Keep the wording of every entry exactly as it is while leaving the pictures out of your copy.
Segment Start: Records for processing
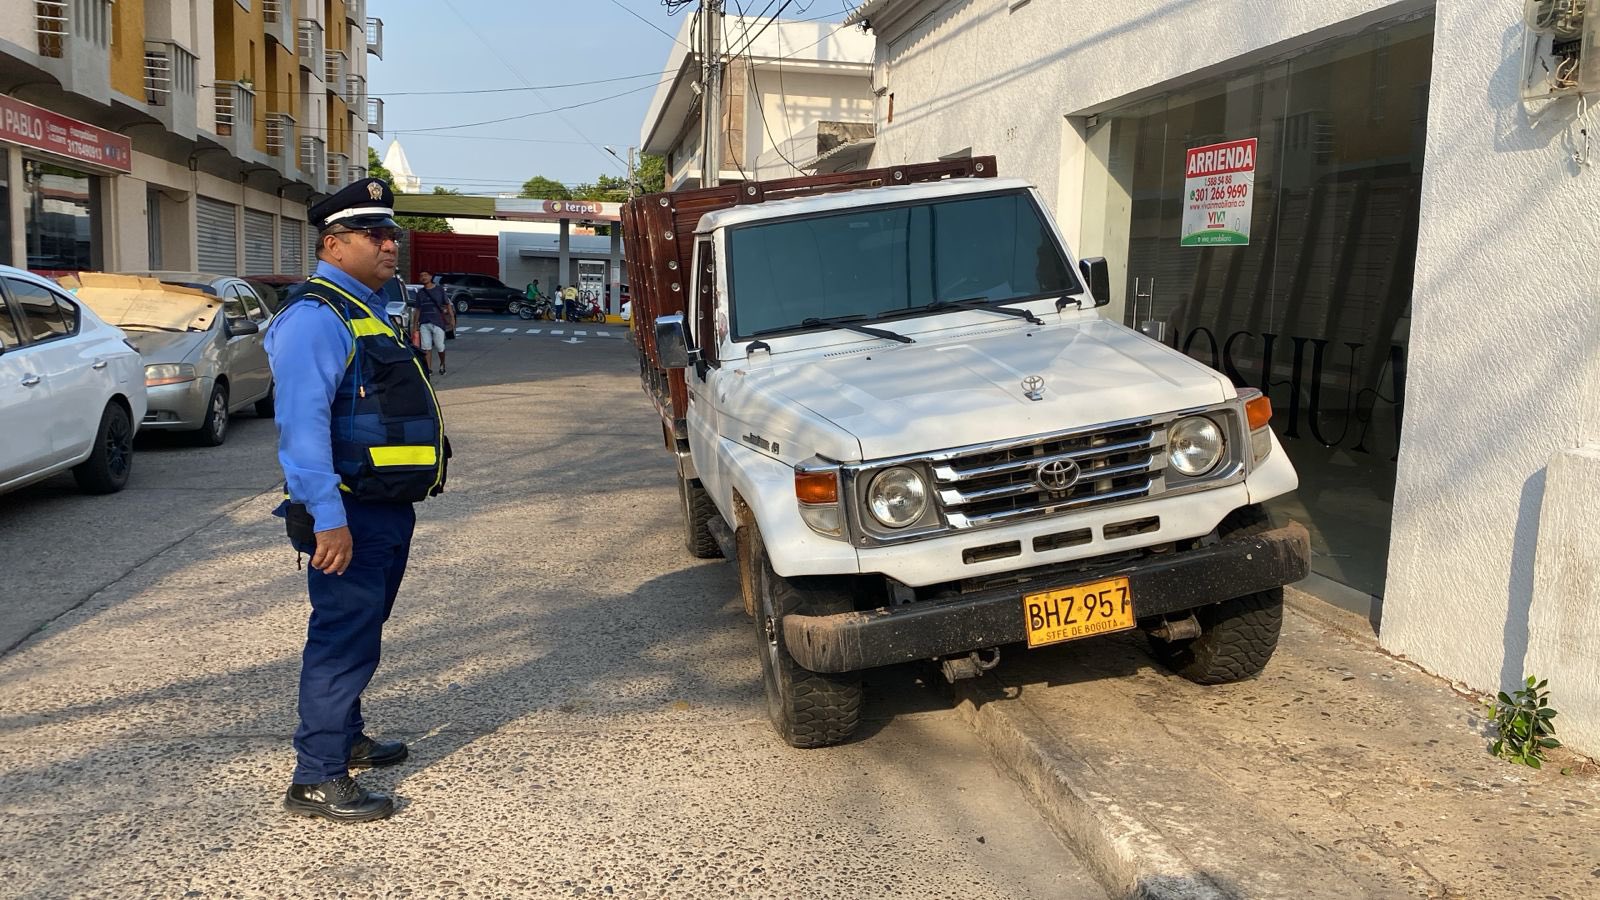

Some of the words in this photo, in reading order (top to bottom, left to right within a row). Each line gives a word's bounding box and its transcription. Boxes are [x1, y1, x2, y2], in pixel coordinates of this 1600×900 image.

[5, 109, 42, 140] PABLO
[1187, 145, 1253, 175] ARRIENDA
[1217, 176, 1224, 185] 54
[1195, 188, 1208, 201] 301
[1211, 186, 1225, 200] 266
[1227, 184, 1248, 198] 9690
[565, 202, 597, 214] terpel
[1208, 211, 1226, 224] VIVA
[1174, 327, 1405, 462] SHUA
[1028, 596, 1077, 632] BHZ
[1083, 586, 1128, 622] 957
[1046, 628, 1068, 641] STFE
[1071, 625, 1083, 636] DE
[1084, 619, 1118, 634] BOGOTA
Segment End: Records for processing
Answer ▸
Some of the words in this photo, in reading order (top to bottom, left to right within a row). Each line gives a word's bounding box and its transcription. Boxes are [x1, y1, x2, y2], in pixel coordinates of this 1600×900 image.

[5, 109, 42, 140] PABLO
[1187, 145, 1253, 175] ARRIENDA
[1217, 176, 1224, 185] 54
[1195, 188, 1208, 201] 301
[1211, 186, 1225, 200] 266
[1227, 184, 1248, 198] 9690
[565, 202, 597, 214] terpel
[1208, 211, 1226, 224] VIVA
[1174, 327, 1405, 462] SHUA
[1028, 596, 1077, 632] BHZ
[1083, 586, 1128, 622] 957
[1046, 628, 1068, 641] STFE
[1071, 625, 1083, 636] DE
[1084, 619, 1118, 634] BOGOTA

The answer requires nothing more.